§ Task brief
Each line from the one containing "this 1500×1125 image." to the end of the entries below is to be set down exactly; the pictures are not.

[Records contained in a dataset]
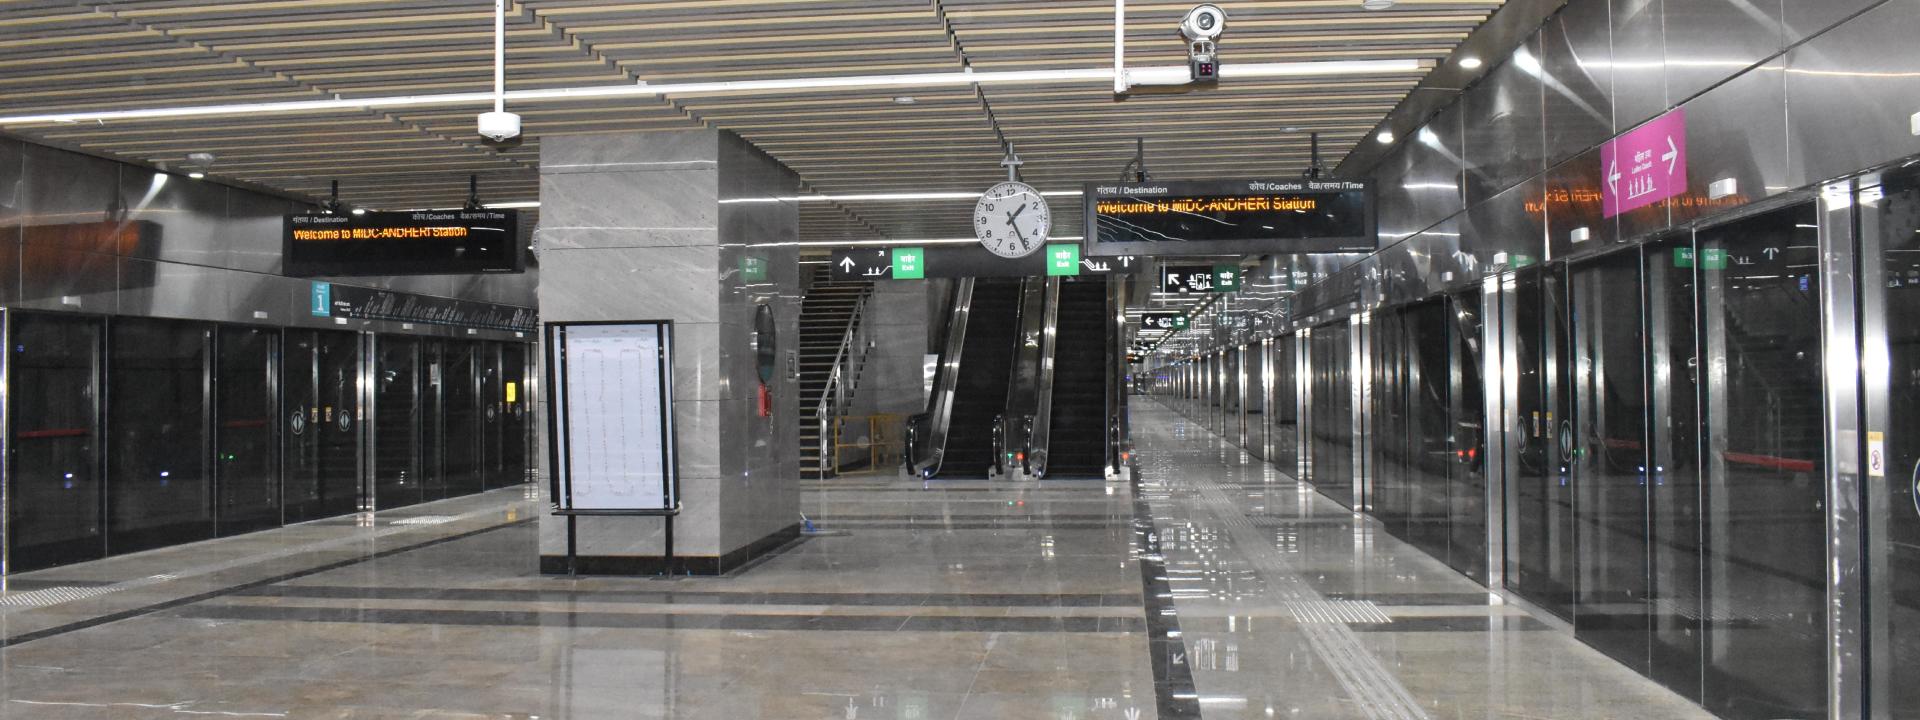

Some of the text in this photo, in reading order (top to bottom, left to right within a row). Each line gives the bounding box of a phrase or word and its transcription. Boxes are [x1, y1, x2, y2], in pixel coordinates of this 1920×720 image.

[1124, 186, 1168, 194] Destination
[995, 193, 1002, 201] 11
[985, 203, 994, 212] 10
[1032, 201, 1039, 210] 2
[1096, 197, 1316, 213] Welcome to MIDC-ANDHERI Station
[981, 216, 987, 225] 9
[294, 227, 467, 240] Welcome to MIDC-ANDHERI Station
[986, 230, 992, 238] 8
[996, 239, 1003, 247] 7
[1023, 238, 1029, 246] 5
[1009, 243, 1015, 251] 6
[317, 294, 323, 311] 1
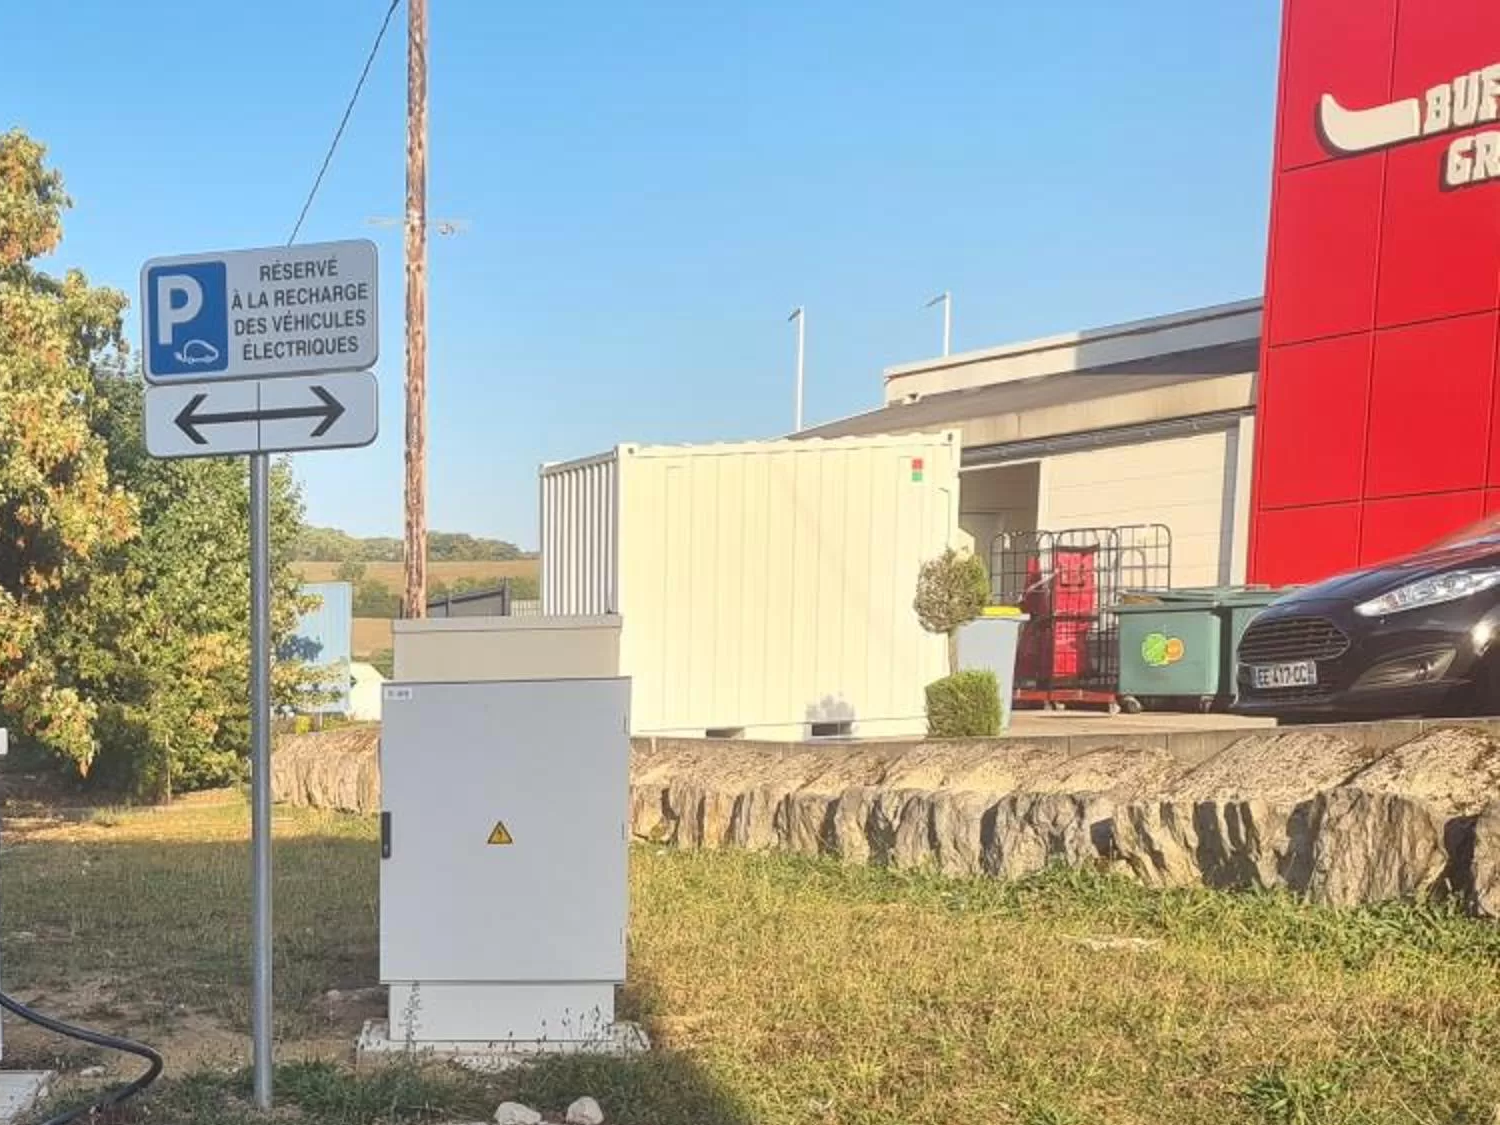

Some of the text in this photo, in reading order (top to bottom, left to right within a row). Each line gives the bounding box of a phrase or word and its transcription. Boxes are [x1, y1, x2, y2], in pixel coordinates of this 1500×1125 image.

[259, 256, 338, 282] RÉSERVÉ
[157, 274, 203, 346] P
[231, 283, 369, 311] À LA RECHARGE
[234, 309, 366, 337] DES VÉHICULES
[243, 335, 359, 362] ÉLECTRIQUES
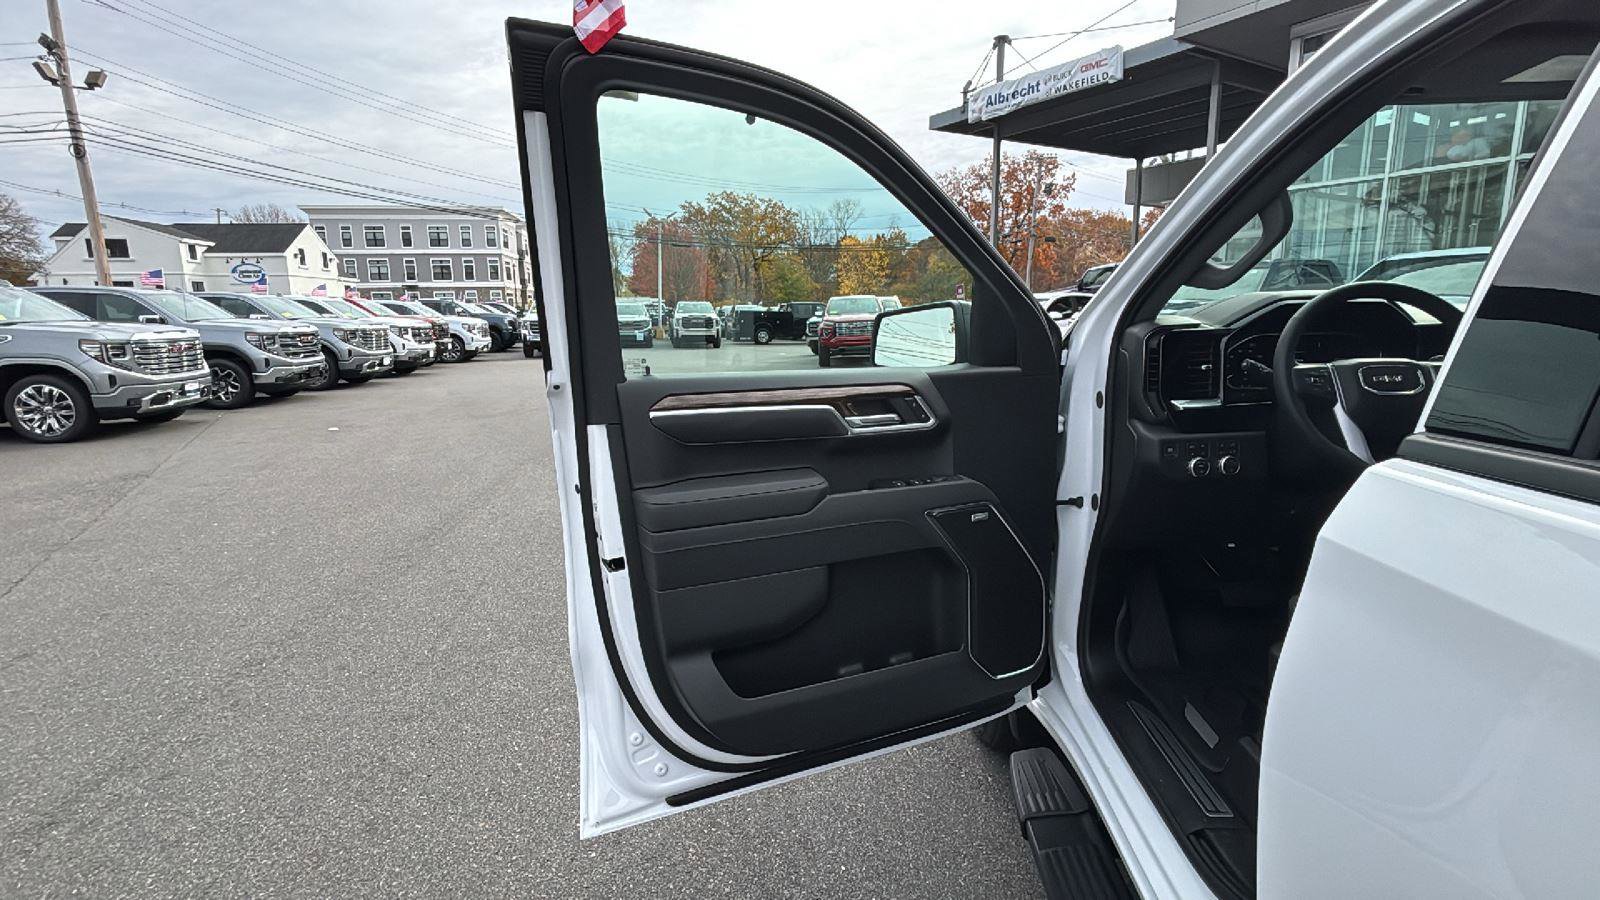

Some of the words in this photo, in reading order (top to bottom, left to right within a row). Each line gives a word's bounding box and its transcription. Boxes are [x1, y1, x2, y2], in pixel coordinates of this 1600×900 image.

§ Answer area
Some of the text in this photo, in reading order (top to bottom, left to right within a row). Each line gives the bounding box of a phrase or word and its transcription. Boxes are [x1, y1, x2, y2], in pixel coordinates of this 1500×1125 image.

[259, 256, 338, 282] RÉSERVÉ
[157, 274, 203, 346] P
[231, 283, 369, 311] À LA RECHARGE
[234, 309, 366, 337] DES VÉHICULES
[243, 335, 359, 362] ÉLECTRIQUES

Some of the words in this photo, in reading order (top to bottom, left to right within a row). Each line gives a word's bounding box and its transcription. Boxes are [x1, y1, x2, y2], in pixel coordinates of this 1600×900 image.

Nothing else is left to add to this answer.